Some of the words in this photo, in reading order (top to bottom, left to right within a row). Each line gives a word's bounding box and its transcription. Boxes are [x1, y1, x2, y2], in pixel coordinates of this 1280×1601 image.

┄┄┄┄┄┄

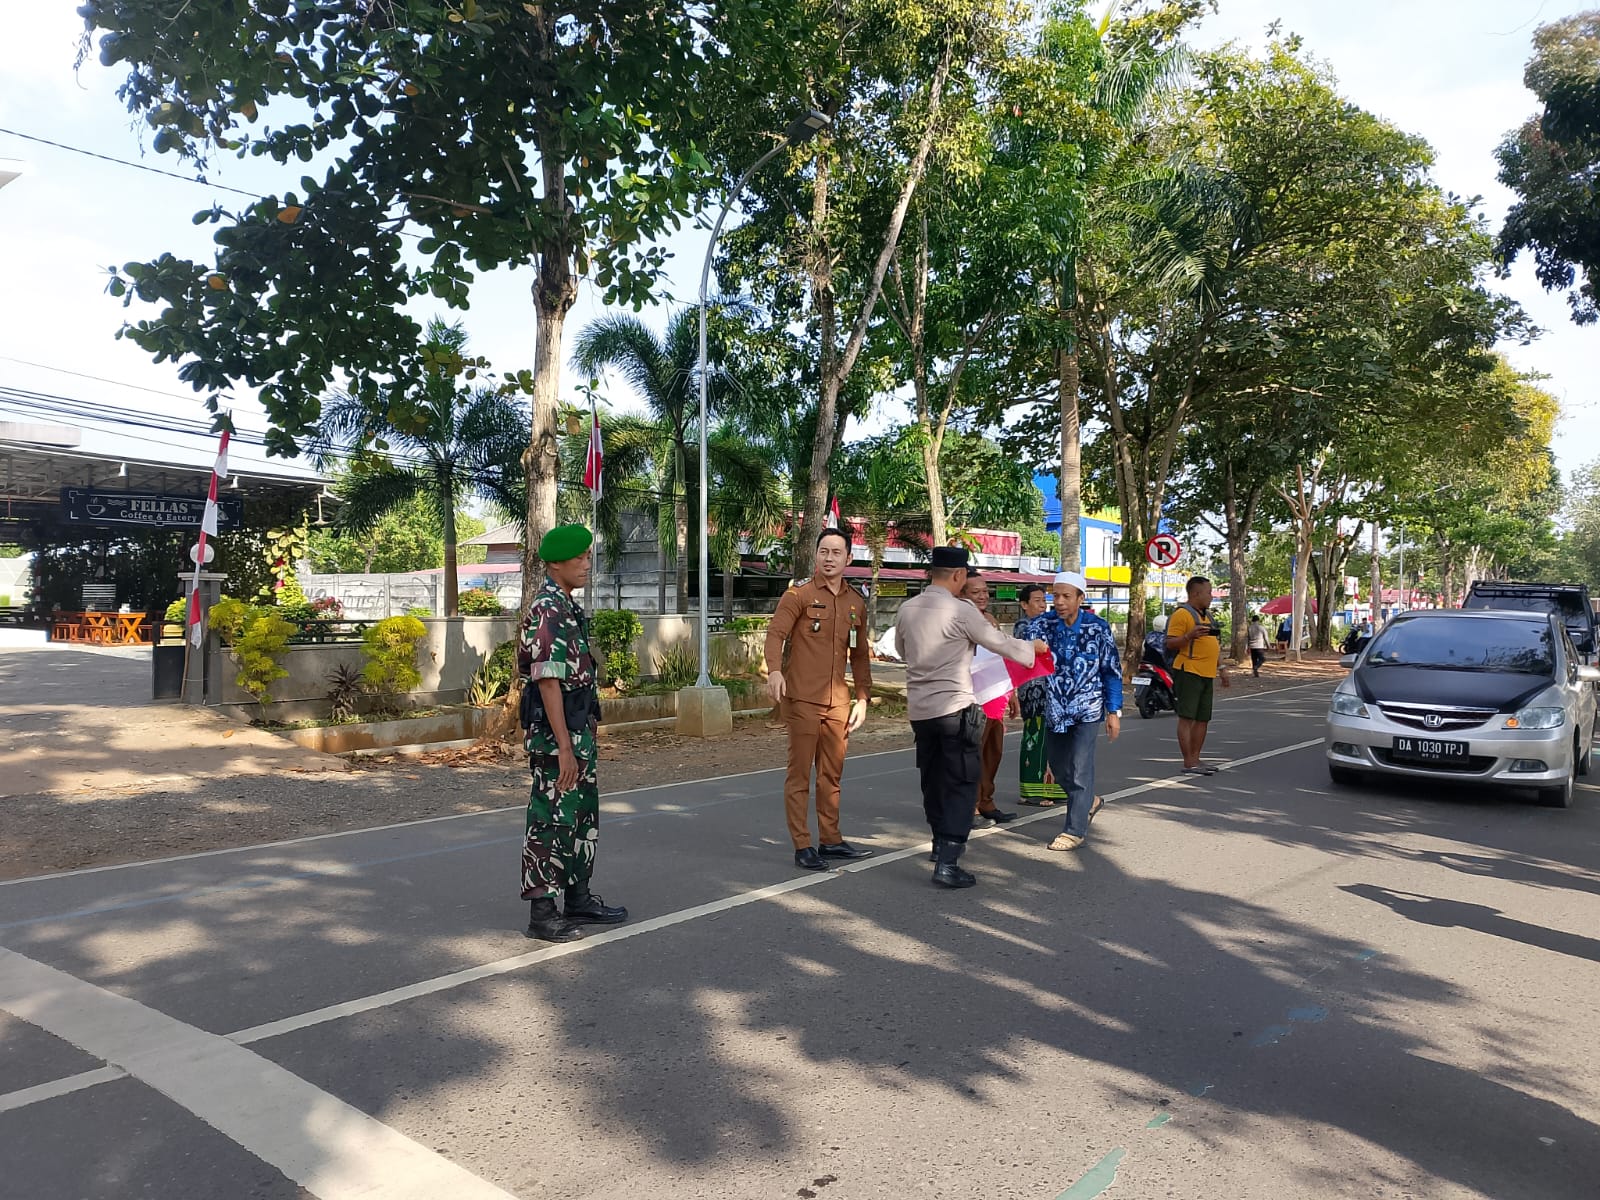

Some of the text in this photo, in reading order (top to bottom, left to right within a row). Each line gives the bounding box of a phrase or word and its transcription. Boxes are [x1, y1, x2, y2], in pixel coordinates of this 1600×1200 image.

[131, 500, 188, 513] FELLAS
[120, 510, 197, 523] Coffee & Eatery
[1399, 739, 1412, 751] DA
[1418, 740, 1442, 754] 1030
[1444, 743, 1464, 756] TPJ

┄┄┄┄┄┄

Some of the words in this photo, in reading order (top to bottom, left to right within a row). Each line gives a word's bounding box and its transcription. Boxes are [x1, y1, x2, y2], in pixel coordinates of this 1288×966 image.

┄┄┄┄┄┄

#### Task details
For each line of the material that contains the word "words", make a copy.

#### Written reply
Some of the words in this photo, in reading order (top to bottom, left to right within a row). Each line gives a word's bounding box and its transcription. Boxes are [x1, y1, x2, y2], in pixel coordinates of this 1280×1601 image.
Some of the words in this photo, in reading order (top to bottom, left to right within a row). Each line gives a word's bounding box and its transcription. Boxes are [x1, y1, x2, y2], in pixel coordinates of this 1288×966 image.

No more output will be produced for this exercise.